Aynı şekilde, 854 Sayılı Deniz İş Kanunu'nun, Uluslararası Çalışma Örgütü’nün denizcilik sektörü ile ilgili 36 Sayılı Sözleşmesi’nde değişiklik yapan 2006 tarihli Denizcilik Çalışma Sözleşmesi’ne uyumlu olmadığı belirtildi.
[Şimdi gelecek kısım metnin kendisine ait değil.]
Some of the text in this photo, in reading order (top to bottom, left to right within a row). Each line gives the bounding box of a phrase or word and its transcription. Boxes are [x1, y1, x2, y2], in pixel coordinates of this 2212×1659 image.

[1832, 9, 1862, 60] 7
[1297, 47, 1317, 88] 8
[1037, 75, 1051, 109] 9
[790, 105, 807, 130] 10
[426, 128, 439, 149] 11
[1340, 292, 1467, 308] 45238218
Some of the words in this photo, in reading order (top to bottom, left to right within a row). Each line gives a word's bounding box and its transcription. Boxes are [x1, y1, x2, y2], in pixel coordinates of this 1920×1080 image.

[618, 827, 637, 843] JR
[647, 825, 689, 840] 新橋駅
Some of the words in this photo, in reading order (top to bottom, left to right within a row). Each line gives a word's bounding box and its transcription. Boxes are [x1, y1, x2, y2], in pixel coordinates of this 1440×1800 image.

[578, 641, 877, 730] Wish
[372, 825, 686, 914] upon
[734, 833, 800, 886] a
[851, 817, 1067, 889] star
Deniz İş Kanunu'nun 1967 yılında yürürlüğe girdiği ifade edildi.
Aksaklıklar sıralandı
Stratejik Plan’da 6356 Sayılı Sendikalar ve Toplu İş Sözleşmesi Kanunu’nda görülen aksaklıklar ise şöyle sıralandı:
-Kanunda iş sözleşmesinin sendikal nedenle fesih edilip edilmediğin tespitine ilişkin ölçüt bulunmamaktadır.
-Sendikal nedenle feshin geçersizliğinin ispatının kolaylaştırılabilmesi için mevzuatta düzenleme yapılması gerekmektedir.
-Yetki tespit otomasyon sistemine ilişkin yeterli ikincil mevzuat düzenlemesi bulunmamaktadır.
-Yetki tespiti itirazlarına ilişkin davaların azaltılabilmesi için yetki tespiti otomasyon sisteminde güncelleme ve ikincil mevzuat çalışması yapılmalıdır.
-Kanunda idari yaptırımlar düzenlenmiş olmasına karşın kanuna muhalefetin nasıl inceleneceğine ve denetleneceğine ilişkin hükümler bulunmamaktadır.
-Kanuna teftiş ve denetim maddelerinin eklenmesi gerekmektedir.
En kapsamlı değişiklik
İş Kanunlarındaki en kapsamlı değişiklik, 20 yıl önce gerçekleşmişti. 1475 Sayılı İş Kanunu'nun yerine 2003 yılında 4857 Sayılı İş Kanunu çıkartılmıştı. Ancak, 1475 Sayılı Kanun'un sadece kıdem tazminatıyla ilgili 14’üncü maddesi yürürlükte bulunuyordu. Bu kez, iş güvencesi ve diğer hükümler için yeni bir güncelleme yapılması planlanıyor
2003 yılında çıkartılan 4857 Sayılı İş Kanunu ile iş güvencesi ve diğer önemli hükümler düzenlenmişti. 1475 Sayılı Kanun'un sadece kıdem tazminatıyla ilgili maddesi haricinde yürürlükte olması, iş kanunlarında güncellemeye ihtiyaç olduğunu gösteriyor. 2003 yılında çıkartılan kanun, iş güvencesi ile ilgili hükümleri Basın ve Deniz İş Kanunlarına da yansıtmıştı.